HOW TO COMPLETE THIS TASK
Return the line containing "this 2352×1568 image." and every line after it through the end of the entries below, with no other lines.

PROVIDED RECORDS
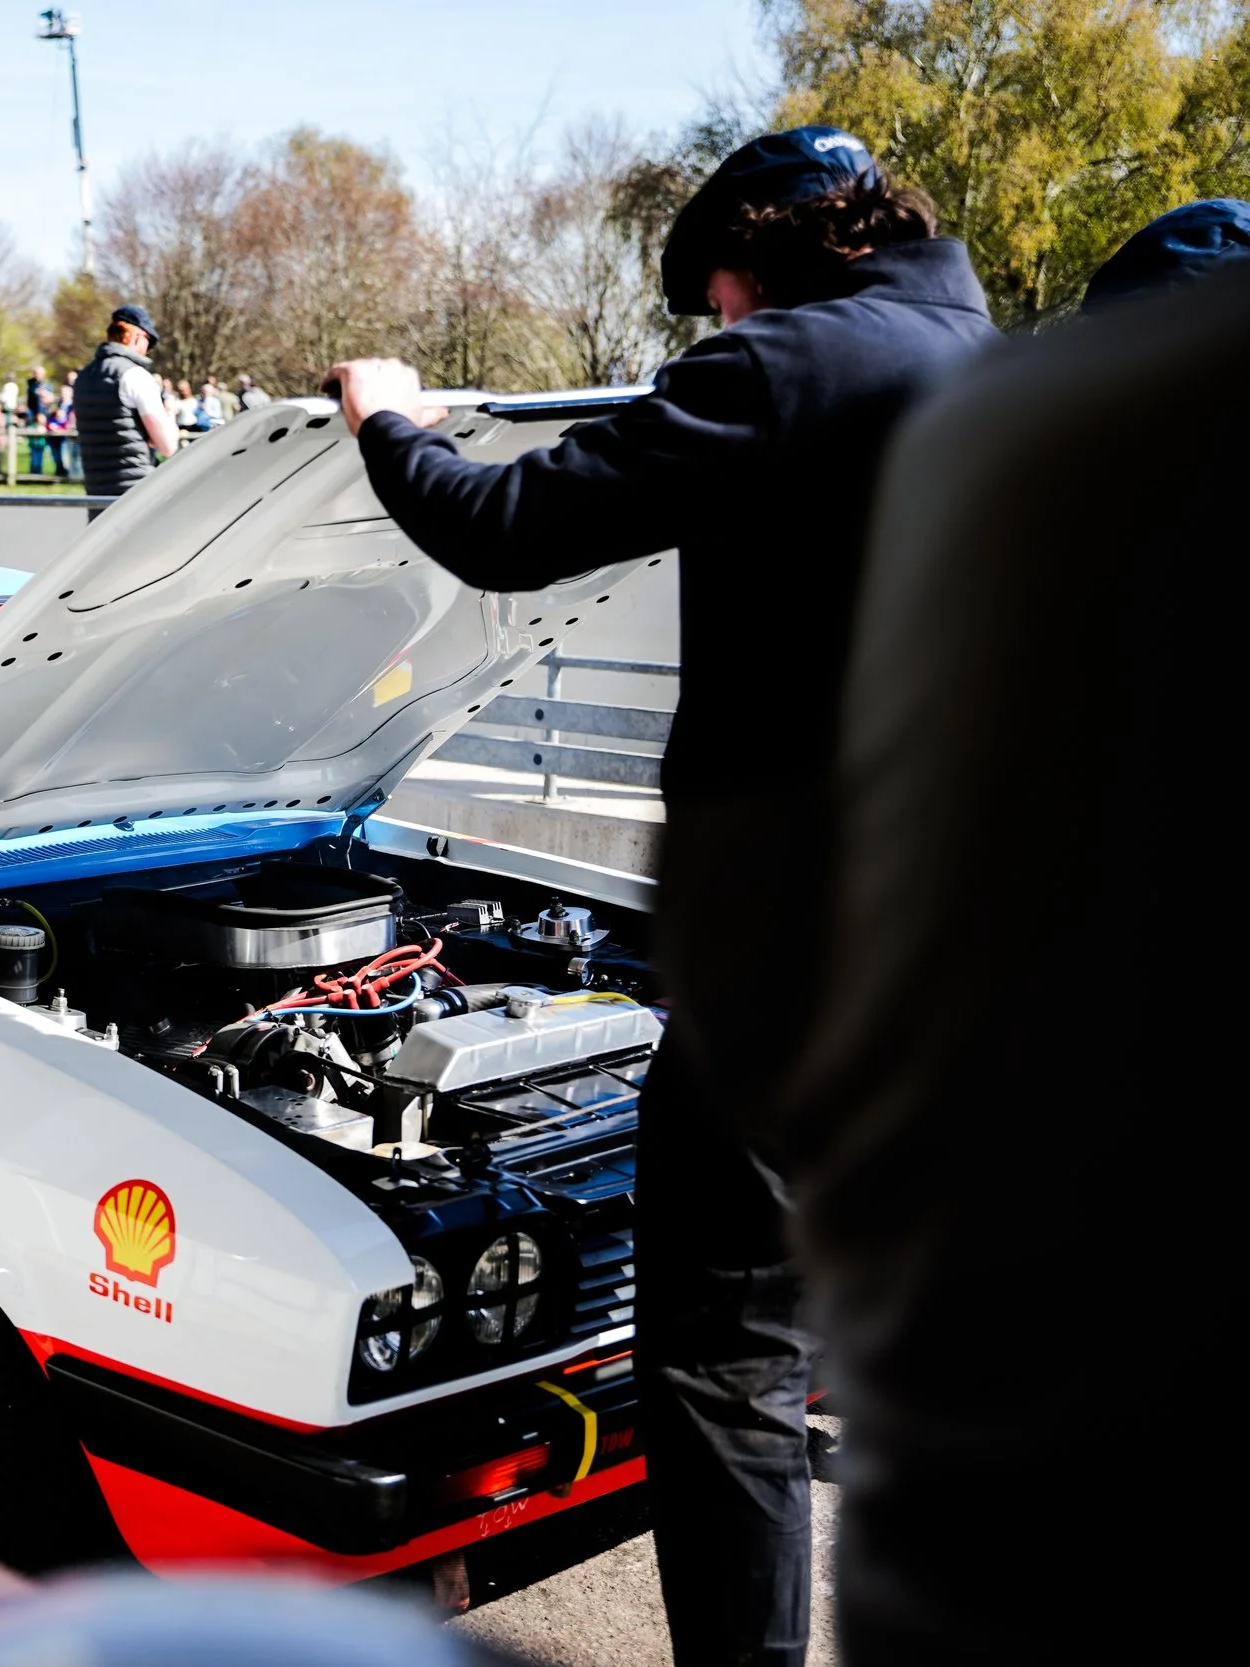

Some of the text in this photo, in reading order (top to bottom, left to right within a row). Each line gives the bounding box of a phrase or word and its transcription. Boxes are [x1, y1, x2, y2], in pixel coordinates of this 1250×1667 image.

[89, 1272, 172, 1324] Shell
[601, 1428, 635, 1455] TOW
[477, 1498, 529, 1530] TOW
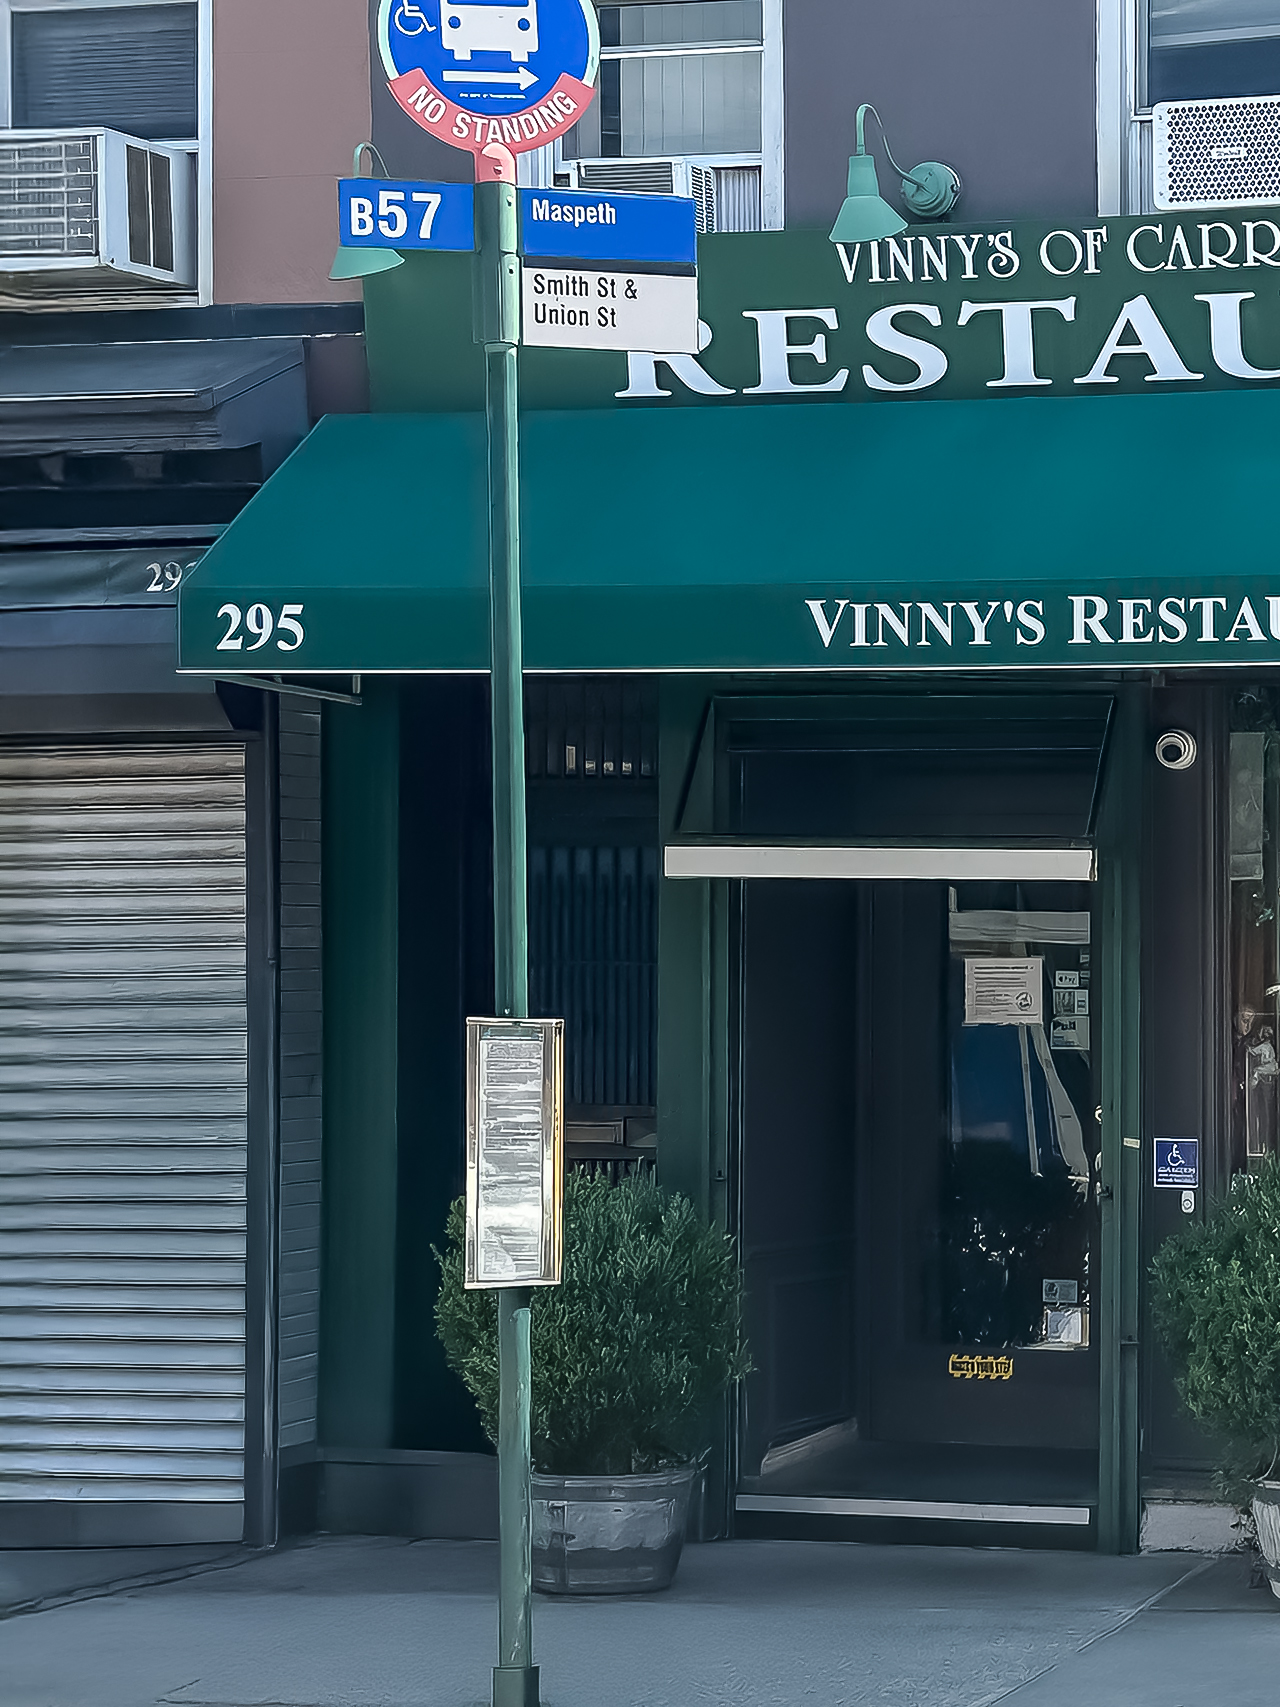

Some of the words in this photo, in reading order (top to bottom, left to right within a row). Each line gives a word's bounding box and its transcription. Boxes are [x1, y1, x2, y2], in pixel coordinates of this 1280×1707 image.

[406, 85, 446, 125] NO
[452, 91, 579, 144] STANDING
[350, 190, 442, 240] B57
[531, 199, 617, 226] Maspeth
[835, 229, 1020, 284] VINNY'S
[1039, 225, 1109, 276] OF
[533, 273, 589, 298] Smith
[597, 276, 617, 299] St
[624, 279, 639, 300] &
[534, 303, 590, 328] Union
[597, 305, 617, 329] St
[145, 561, 197, 592] 29
[216, 603, 305, 651] 295
[804, 598, 1047, 649] VINNY'S
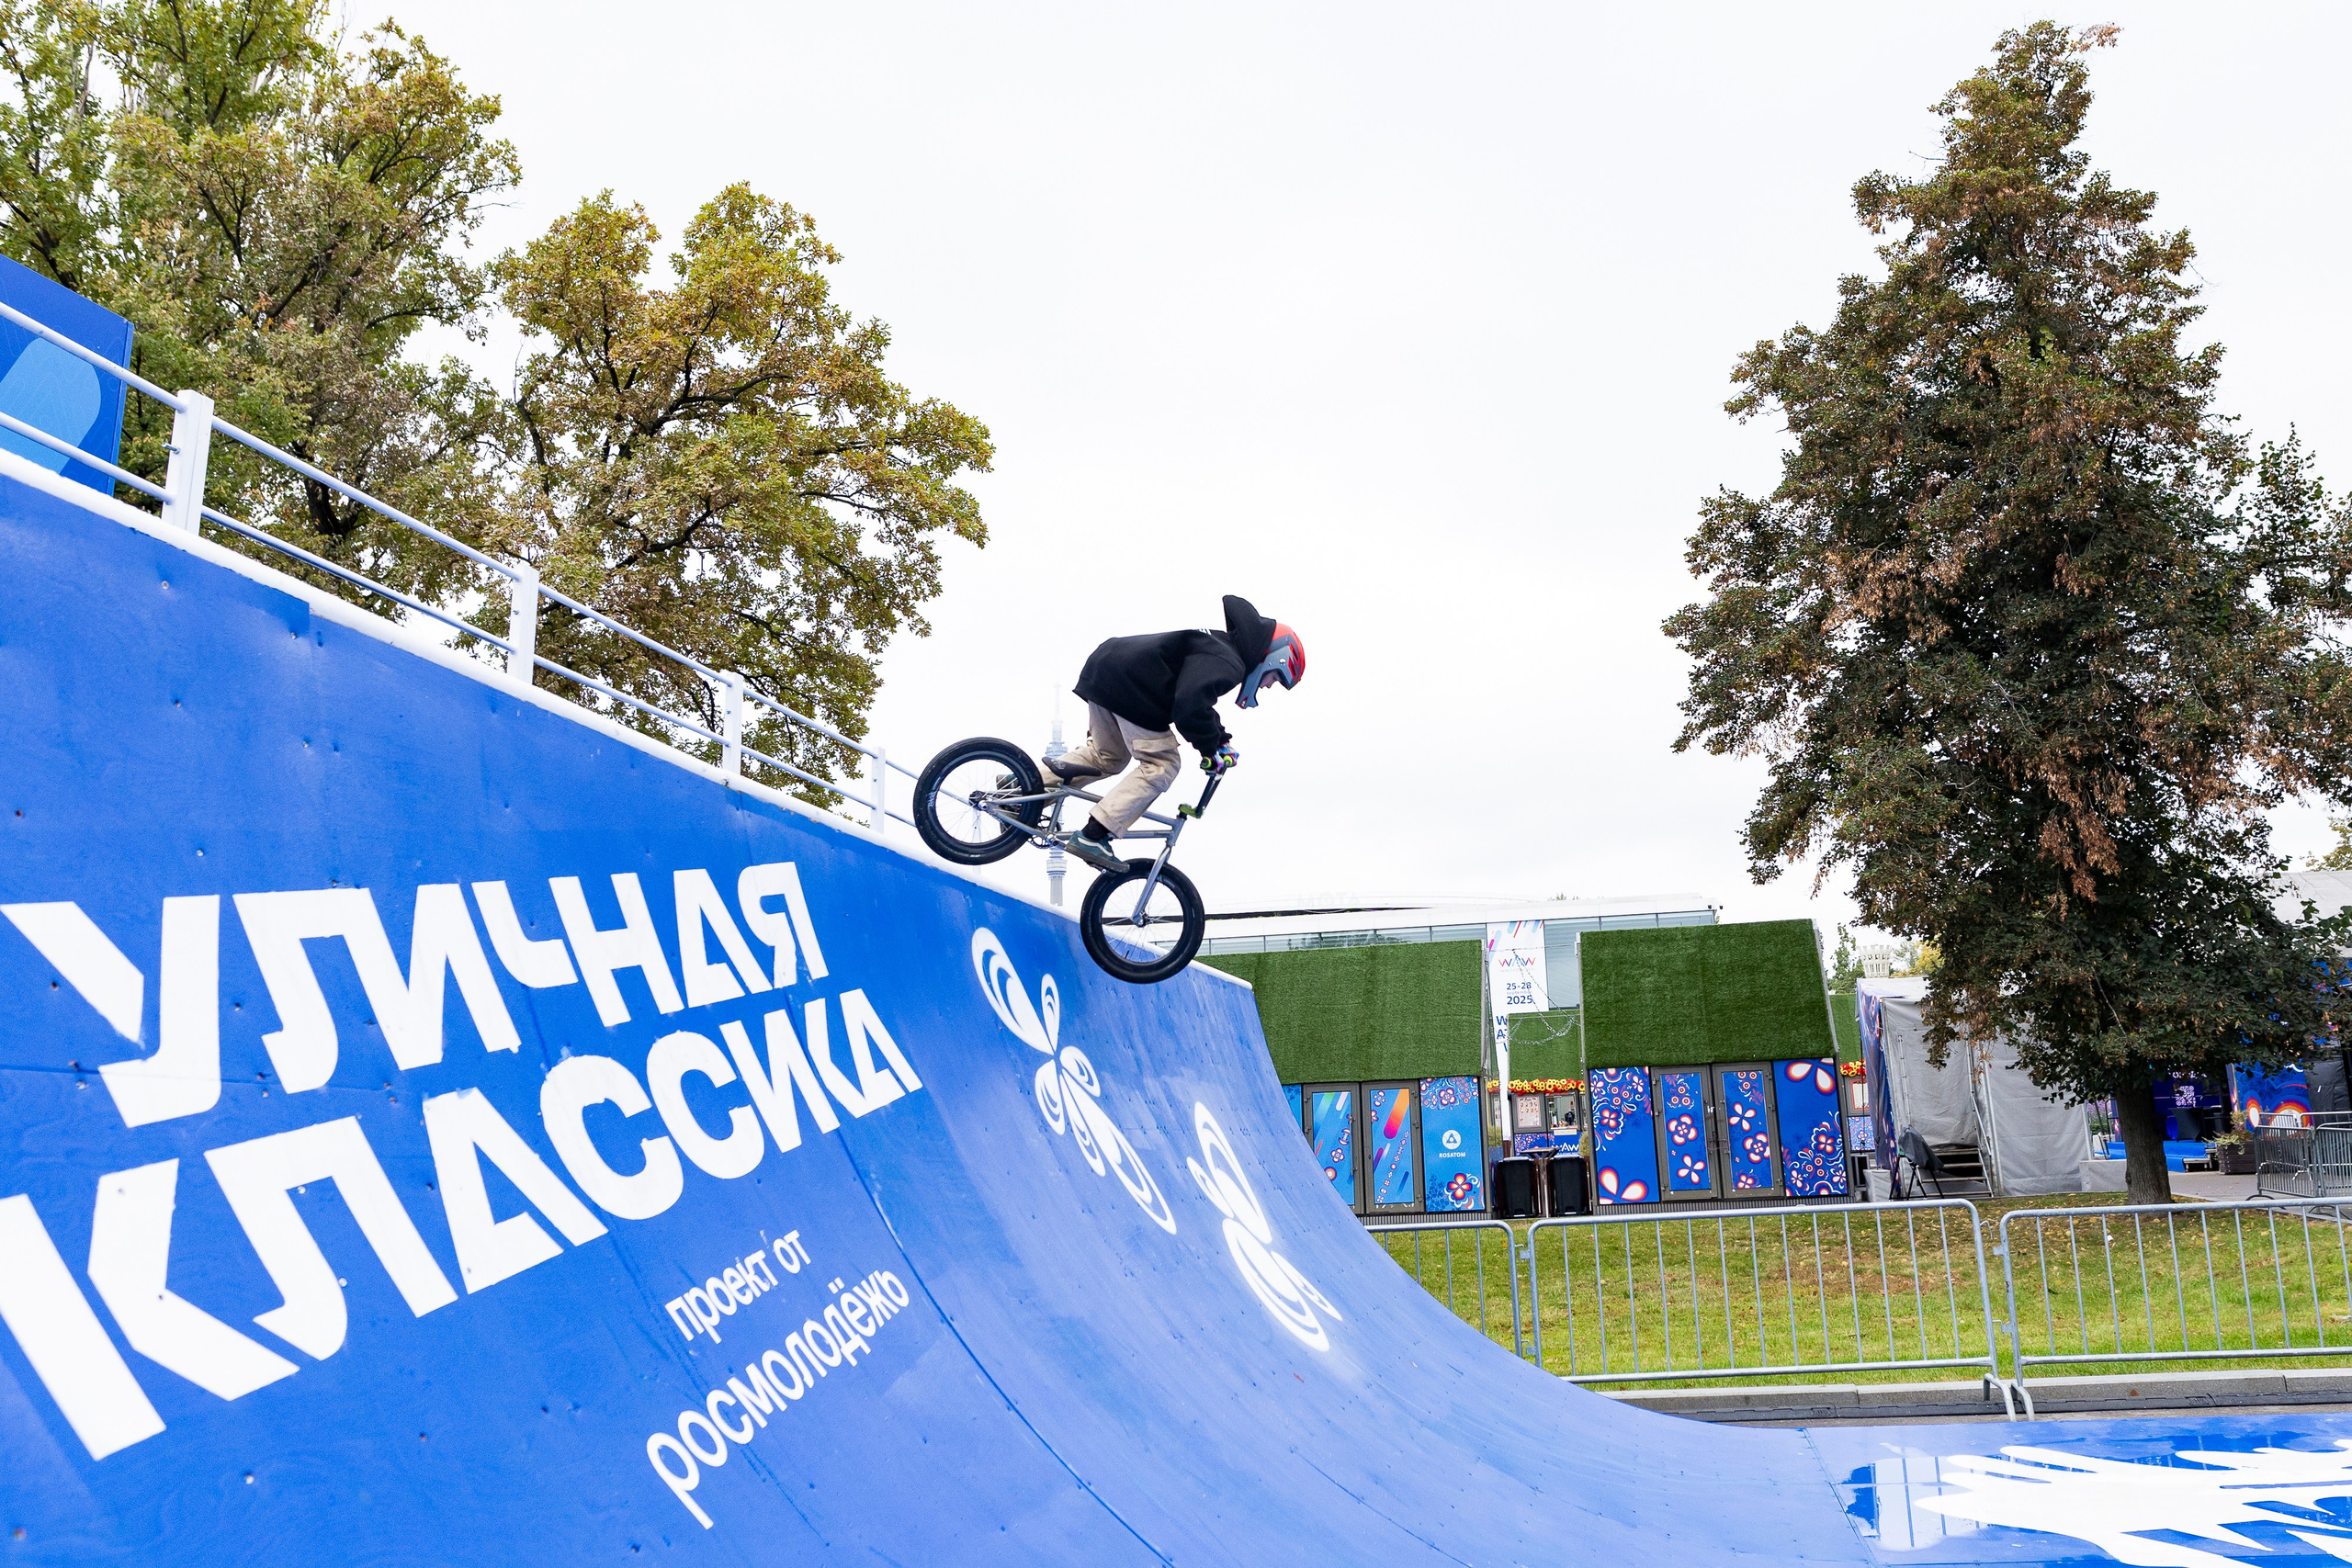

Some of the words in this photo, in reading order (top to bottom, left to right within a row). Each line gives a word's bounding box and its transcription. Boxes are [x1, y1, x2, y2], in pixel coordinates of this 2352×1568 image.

[0, 862, 829, 1128] УЛИЧНАЯ
[1498, 954, 1535, 968] WAW
[1507, 995, 1532, 1005] 2025
[0, 988, 922, 1461] КЛАССИКА
[664, 1249, 779, 1345] проект
[773, 1229, 811, 1274] от
[646, 1269, 910, 1530] росмолодёжь

ANSWER FOR THE TASK
Some of the words in this photo, in reading order (top to bottom, left to right within a row). Each line gives a word's bounding box and its transcription. Boxes are [x1, y1, x2, y2], in pixel coordinates of this 2352×1568 image.

[0, 862, 829, 1128] УЛИЧНАЯ
[1498, 954, 1535, 968] WAW
[1507, 995, 1532, 1005] 2025
[0, 988, 922, 1461] КЛАССИКА
[664, 1249, 779, 1345] проект
[773, 1229, 811, 1274] от
[646, 1269, 910, 1530] росмолодёжь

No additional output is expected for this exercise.